Ciccone makes her argument clearer by stating that the chamber in the dream repeats certain themes and motifs: “each of the narrative sections is determined by a change in focus held together by repetition not only in language but also in images and motifs” (17). Ciccone also expands on her points in her review, particularly on the fall of Troy and its relation to the chamber: “as a representative of cultural devastation, Troy strikes a discordant note in the chamber” (18). She also links up a timeline within the Book of theDuchess with events in Jaun of Gaunt’s life, in which he is rejected by Blanche, successfully marries her, and finally loses her. The hunt within the Book of theDuchess is Gaunt’s pursuit of Blanche, and the “return to the castle” (15) is the knight’s return to the loss of the Lady of White. The castle in the poem is a symbol of the knight’s return to loneliness.

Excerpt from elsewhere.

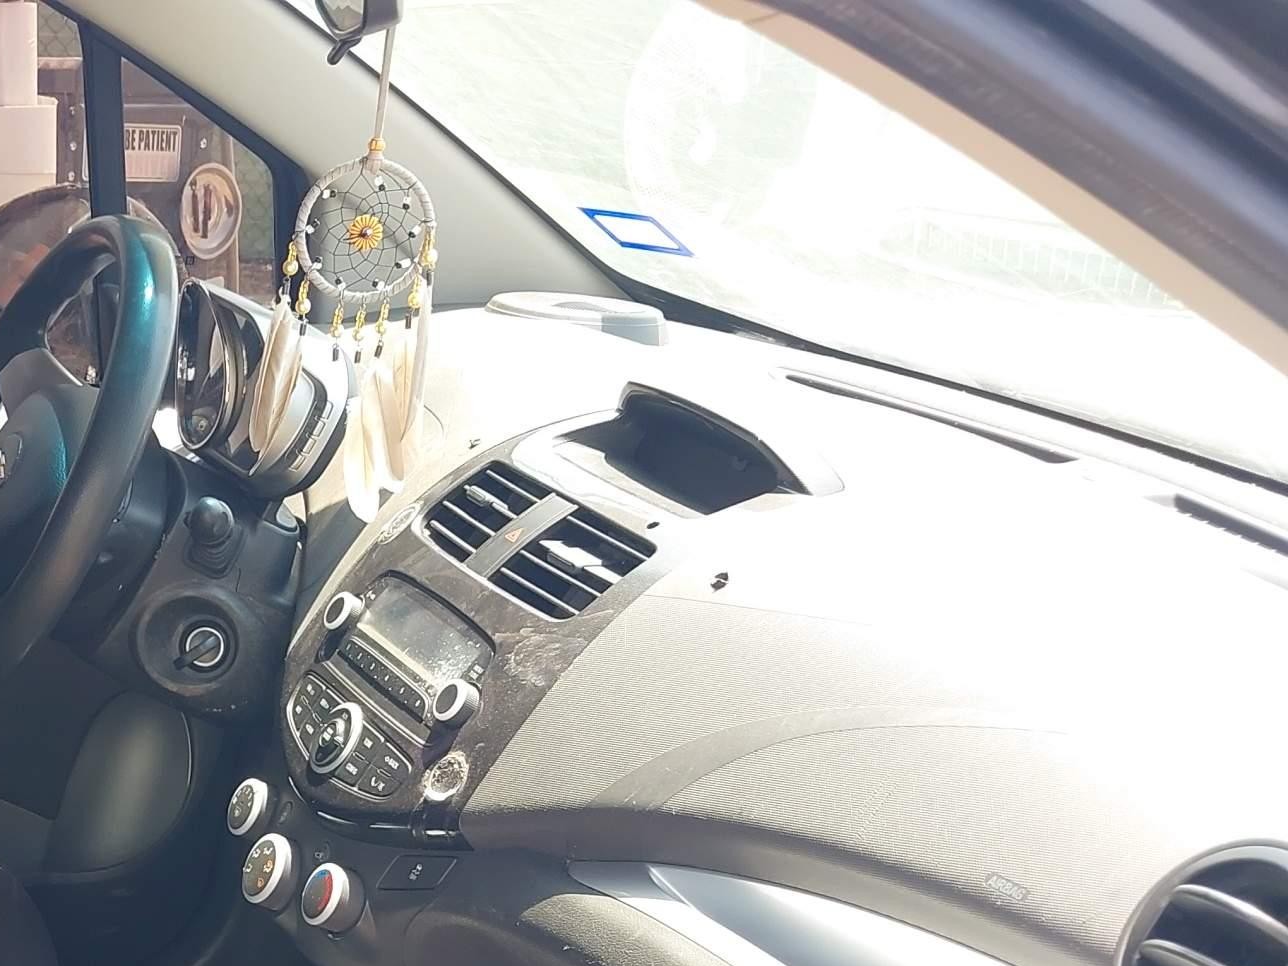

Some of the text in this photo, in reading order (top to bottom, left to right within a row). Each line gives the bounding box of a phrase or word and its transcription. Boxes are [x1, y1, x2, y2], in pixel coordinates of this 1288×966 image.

[125, 129, 178, 152] BE PATIENT
[987, 875, 1026, 900] AIRBAG
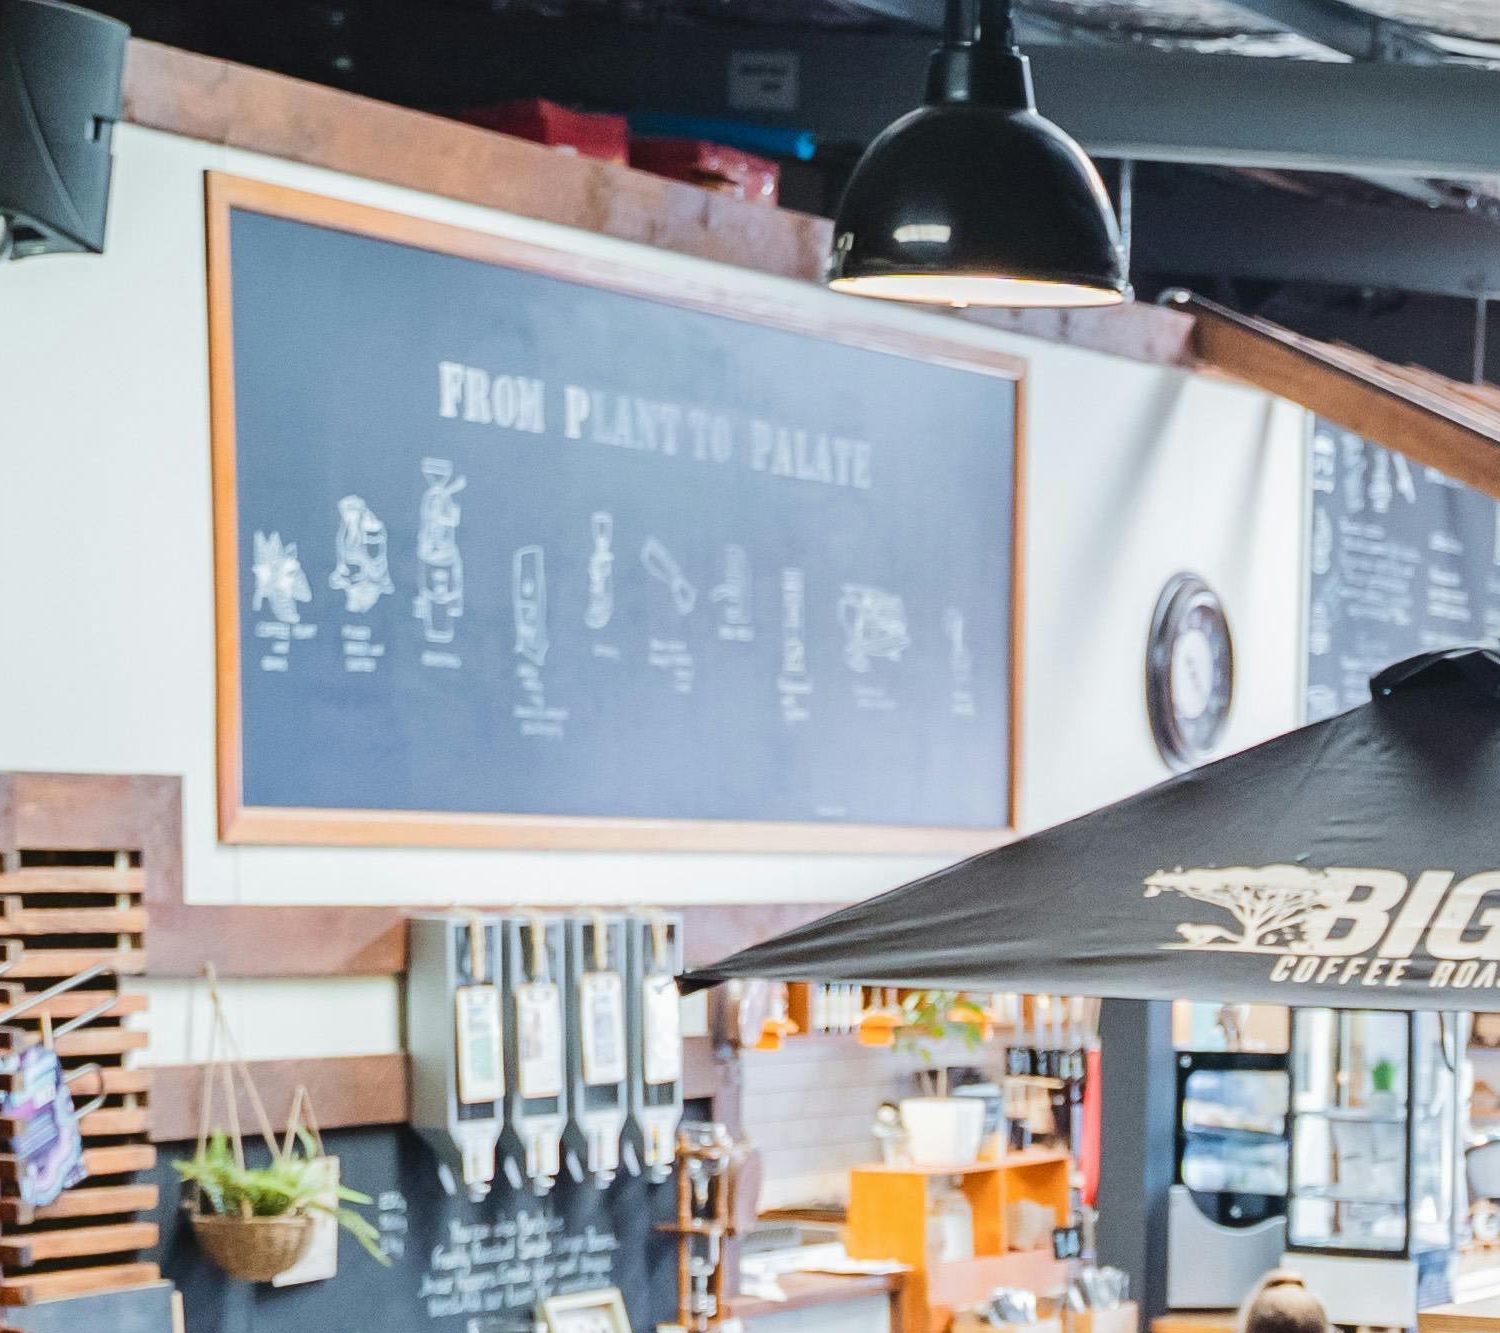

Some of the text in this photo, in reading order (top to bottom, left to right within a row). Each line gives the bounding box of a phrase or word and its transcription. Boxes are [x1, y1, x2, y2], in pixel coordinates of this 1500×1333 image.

Through her writing strategies, Ciccone points out a theme: “Blanche… moves the audience gradually to understand her significance and the process by which grief moves [the knight] toward mourning” (18). The inclusion of the Lady in White in the Book of theDuchess also is an attempt by Chaucer to move John of Gaunt forward in his own grieving after the death of Blanche. Chaucer wrote this poem for John of Gaunt to make clear to him that grief is a temporary state. Chaucer is encouraging John of Gaunt to move through his grief to a state of mourning, where emotions are no longer debilitating. The grief images presented on the chamber’s frame in the dream is an indirect message from Chaucer to John of Gaunt to overcome loss.
Ciccone, Nancy. “The Chamber, the Man in Black, and the Structure of Chaucer’s Book
of the Duchess.” The Chaucer Review 44.2 (2009): 205-23. Print.